OBJECTIVE: Venous function is underappreciated in its role in blood pressure determination, a physiologic parameter normally ascribed to changes in arterial function. Significant evidence points to the hormone endothelin-1 (ET-1) as being important to venous contributions to blood pressure. We hypothesized that the artery and vein should similarly depend on the signaling pathways stimulated by ET-1, specifically phospholipase C (PLC) activation. This produces two functional arms of signaling: diacylglycerol (DAG; protein kinase C [PKC] activation) and inositol trisphosphate (IP3) production (intracellular calcium release). METHODS: The model was the male Sprague-Dawley rat. Isolated tissue baths were used to measure isometric contraction. Western blot and immunocytochemical analyses measured the magnitude of expression and site of expression, respectively, of IP3 receptors in smooth muscle/tissue. Pharmacologic methods were used to modify PLC activity and signaling elements downstream of PLC (IP3 receptors, PKC). RESULTS:ET-1-induced contraction was PLC dependent in both tissues as the PLC inhibitor U-73122 significantly reduced contraction in aorta (86% ± 4% of control; P < .05) and vena cava (49% ± 11% of control; P < .05). However, ET-1-induced contraction was not significantly inhibited by the IP3 receptor inhibitor 2-aminoethoxydiphenylborane (100 μM) in vena cava (82% ± 8% of control; P = .23) but was in the aorta (55% ± 4% of control; P < .05).

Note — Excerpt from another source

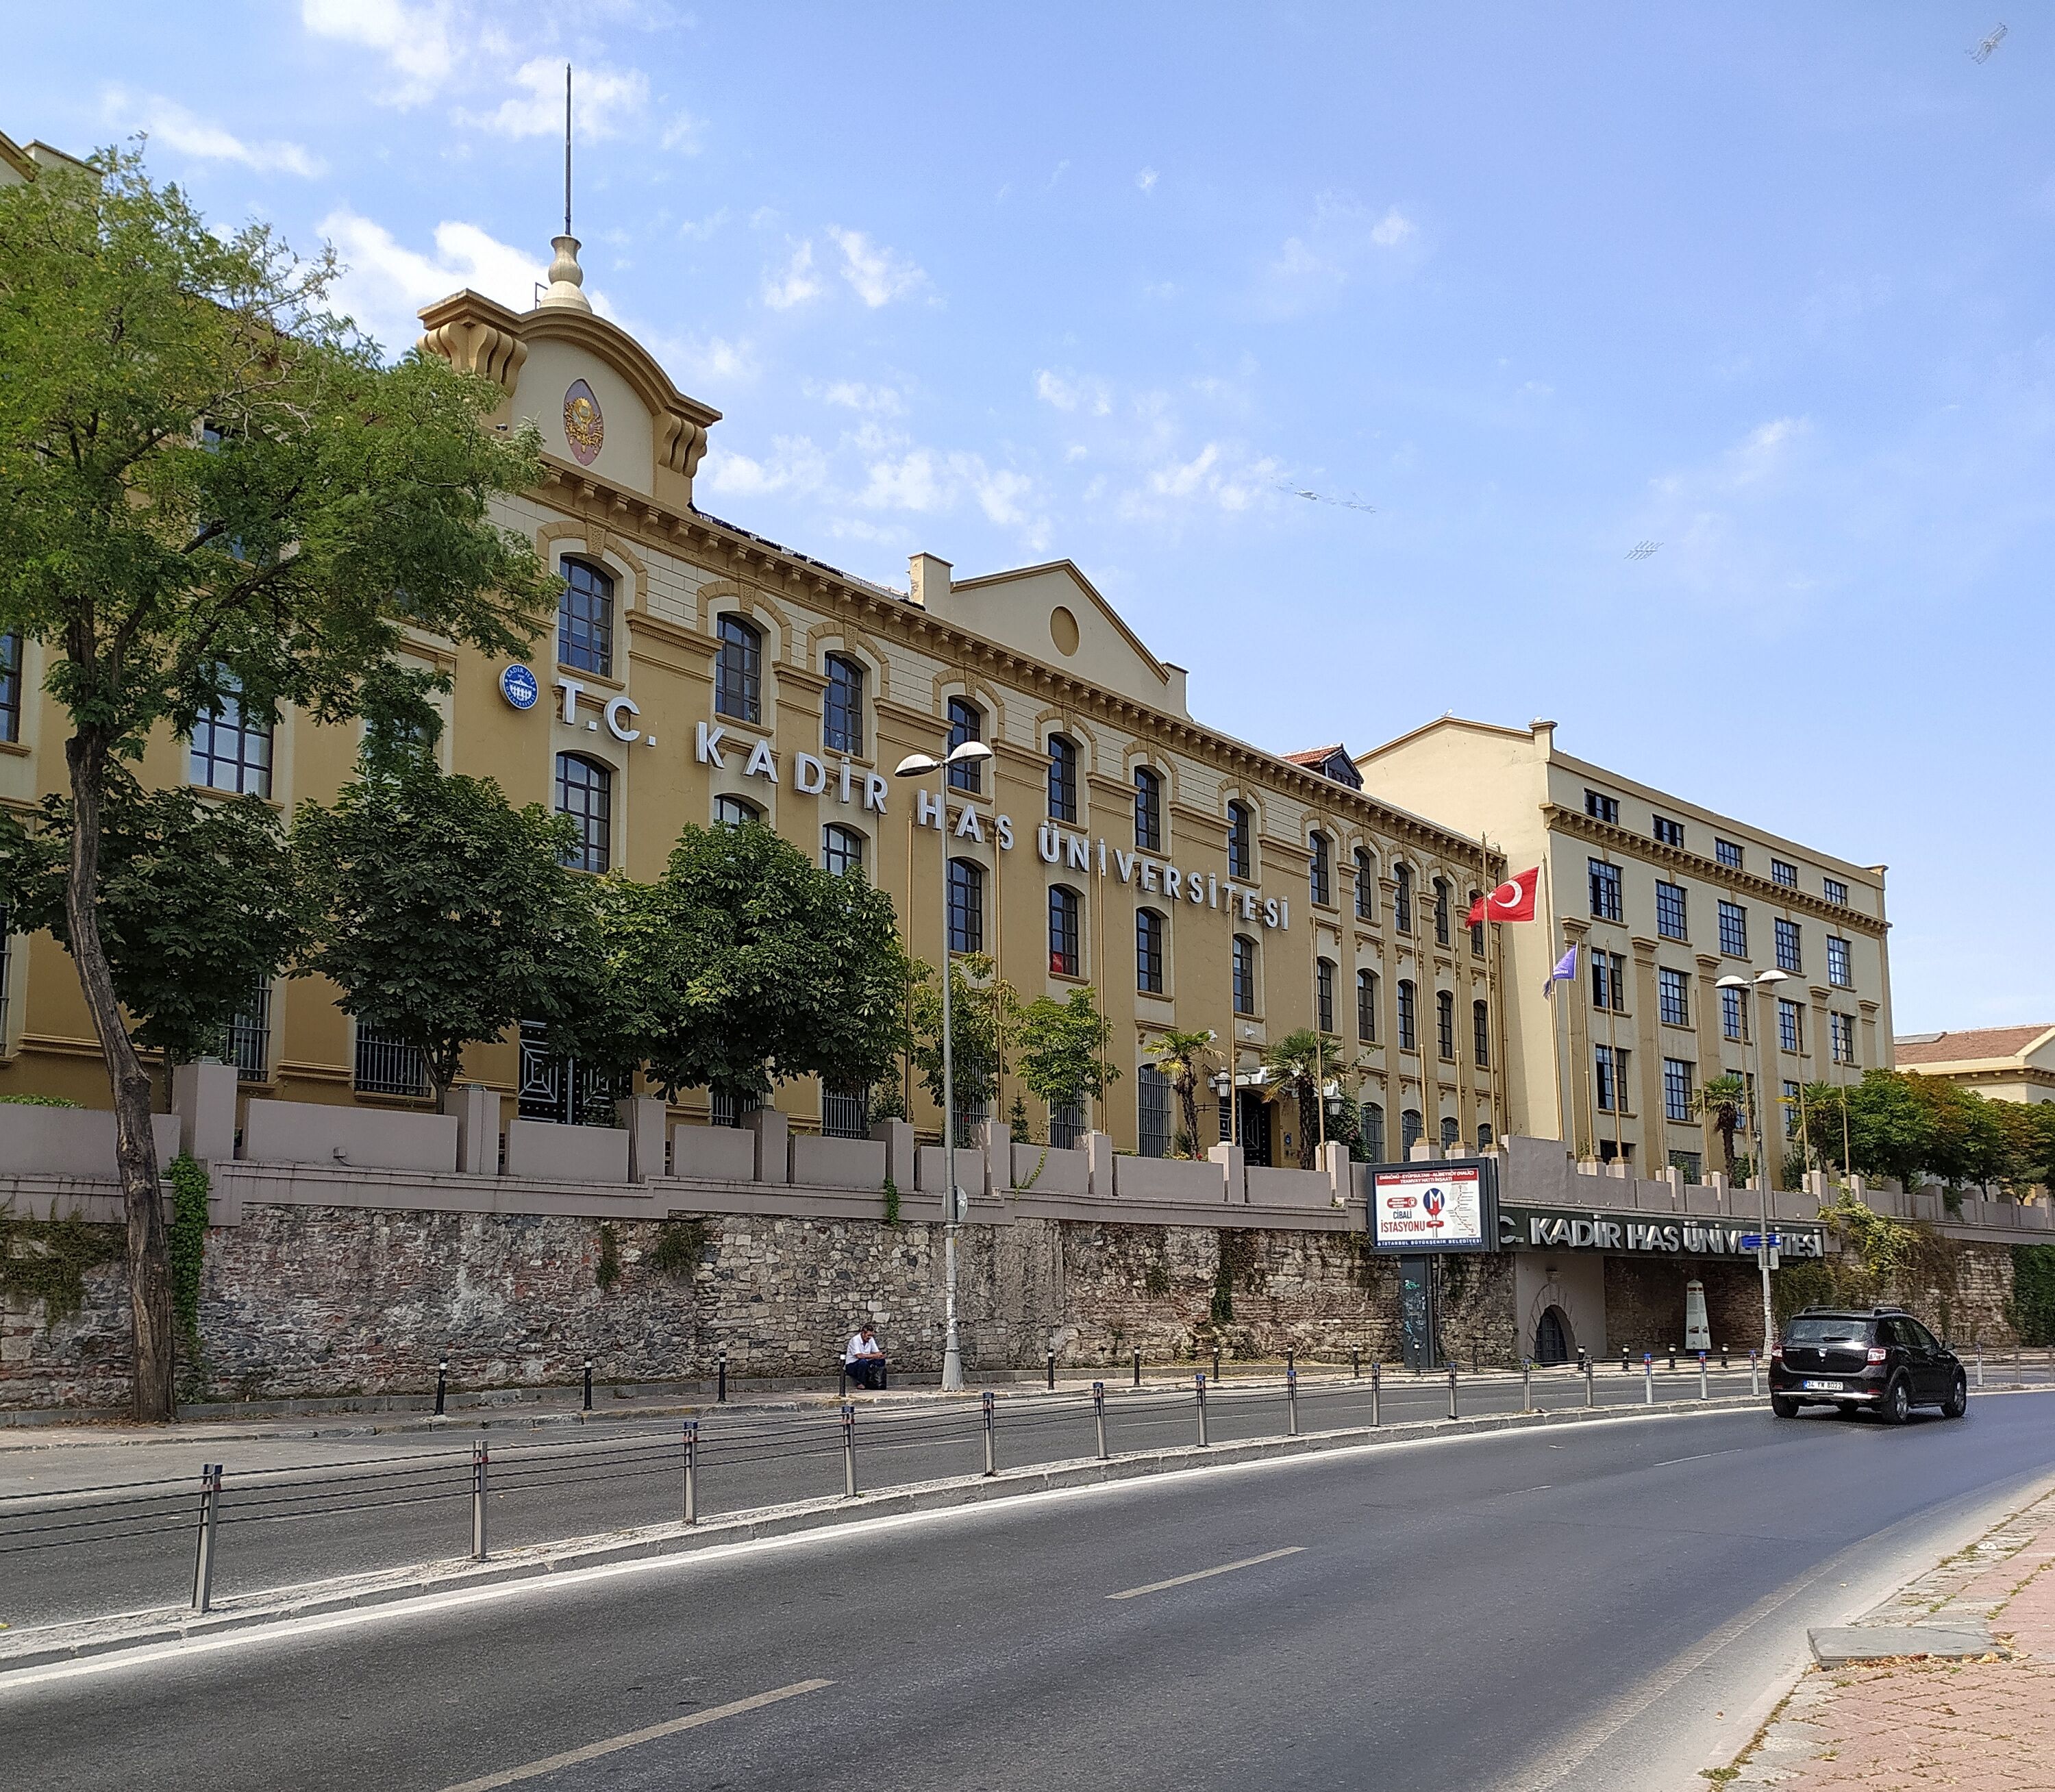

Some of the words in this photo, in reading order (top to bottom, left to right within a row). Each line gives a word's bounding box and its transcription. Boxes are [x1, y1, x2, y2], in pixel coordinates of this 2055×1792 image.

All three IP3 receptor isoforms were located in venous smooth muscle. IP3 receptors were functional in both tissues as the novel membrane-permeable IP3 analogue (Bt-IP3; 10 μM) contracted aorta and vena cava. Similarly, whereas the PKC inhibitor chelerythrine (10 μM) attenuated ET-1-induced contraction in vena cava and aorta (5% ± 2% and 50% ± 5% of control, respectively; P < .05), only the vena cava contracted to the DAG analogue 1-oleoyl-2-acetyl-sn-glycerol. CONCLUSIONS: These findings suggest that ET-1 activates PLC in aorta and vena cava, but vena cava contraction to ET-1 may be largely IP3 independent. Rather, DAG—not IP3—may contribute to contraction to ET-1 in vena cava, in part by activation of PKC. These studies outline a fundamental difference between venous and arterial smooth muscle and further reinforce a heterogeneity of vascular smooth muscle function that could be taken advantage of for therapeutic development.